WHAT TO DO:
Please set down each of the lines below once more, exactly, omitting all pictures.

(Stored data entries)
[Start of Attachment]
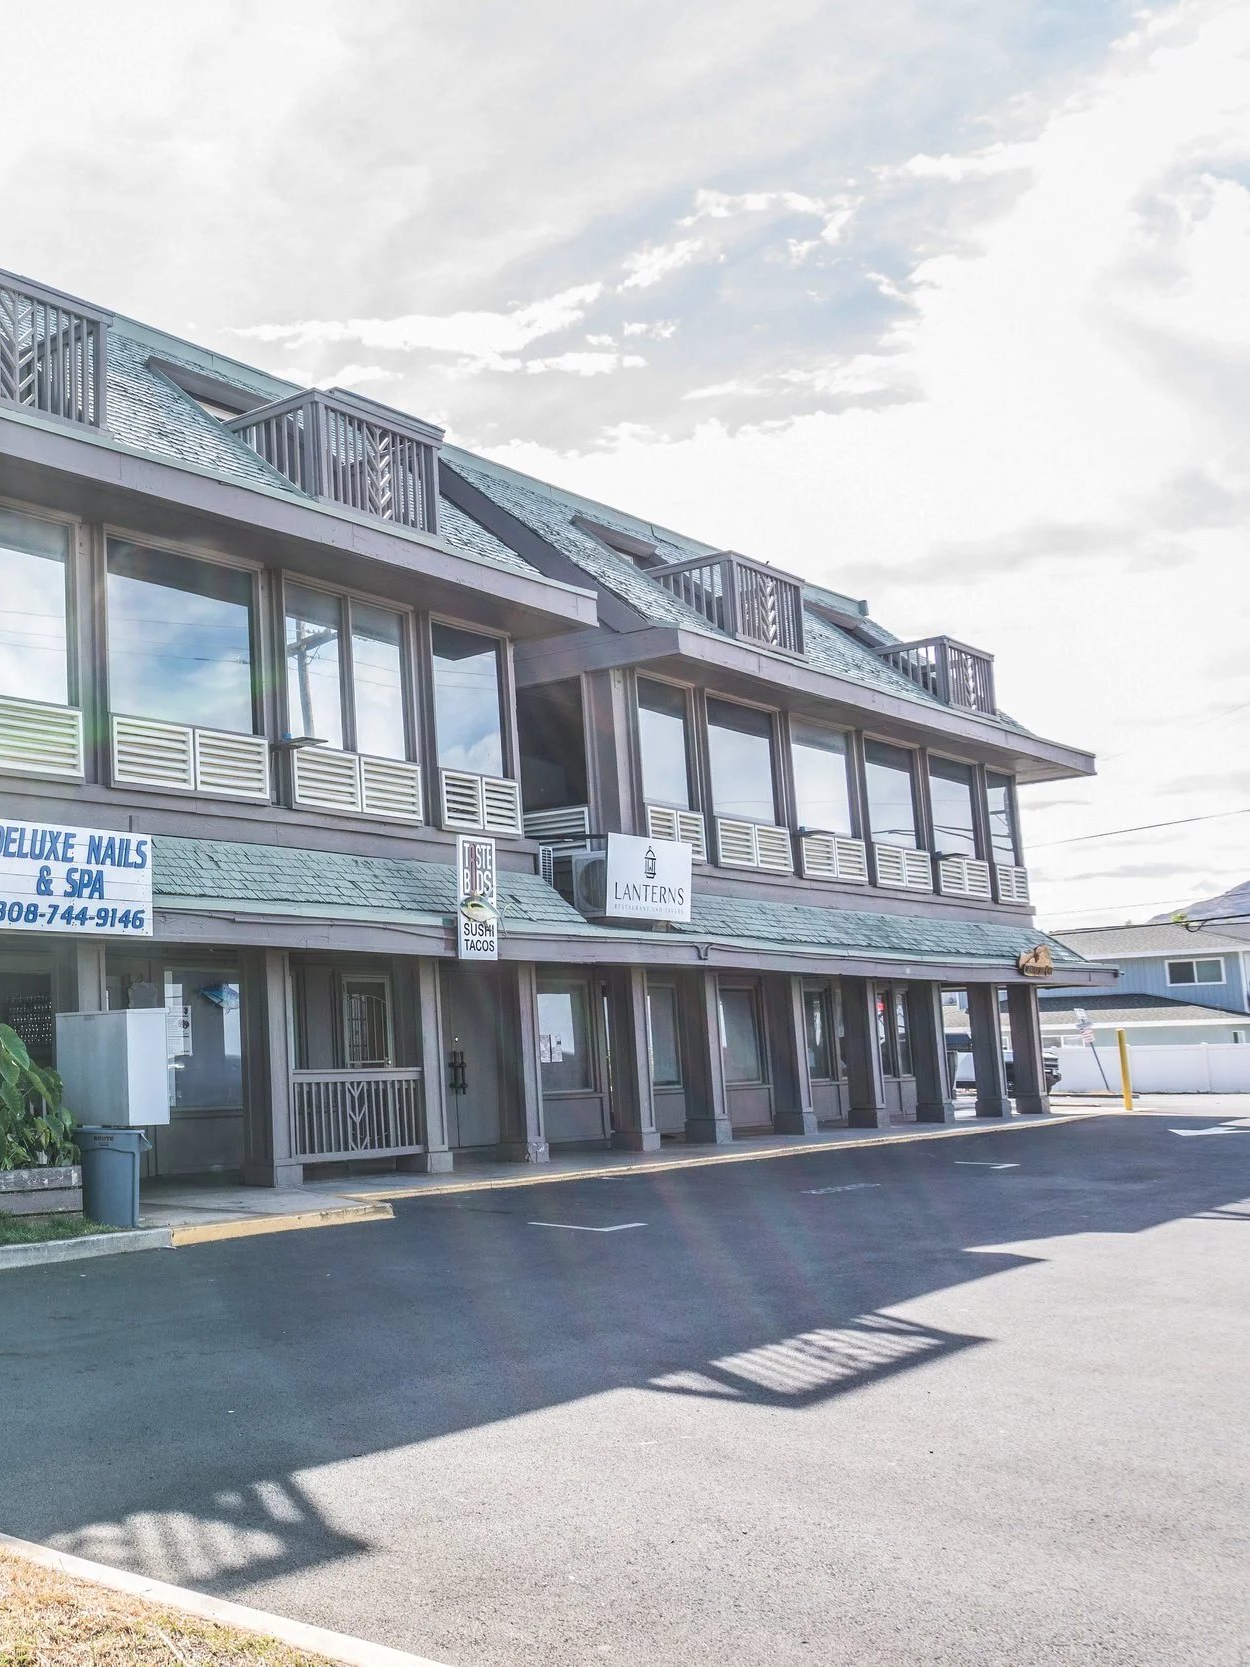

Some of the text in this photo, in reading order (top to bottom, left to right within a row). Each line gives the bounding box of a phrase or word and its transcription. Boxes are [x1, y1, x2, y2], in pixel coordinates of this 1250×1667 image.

[87, 834, 148, 870] NAILS
[463, 842, 492, 870] TASTE
[36, 865, 105, 900] & SPA
[615, 881, 684, 906] LANTERNS
[614, 903, 650, 912] RESTAURANT
[463, 922, 495, 938] SUSHI
[464, 939, 495, 952] TACOS
[End of Attachment]
SOLUTION FOR THIS PROBLEM:
Some of the text in this photo, in reading order (top to bottom, left to right within a row). Each line gives the bounding box of a phrase or word and its transcription. Boxes are [x1, y1, x2, y2], in pixel coordinates of this 1250×1667 image.

[87, 834, 148, 870] NAILS
[463, 842, 492, 870] TASTE
[36, 865, 105, 900] & SPA
[615, 881, 684, 906] LANTERNS
[614, 903, 650, 912] RESTAURANT
[463, 922, 495, 938] SUSHI
[464, 939, 495, 952] TACOS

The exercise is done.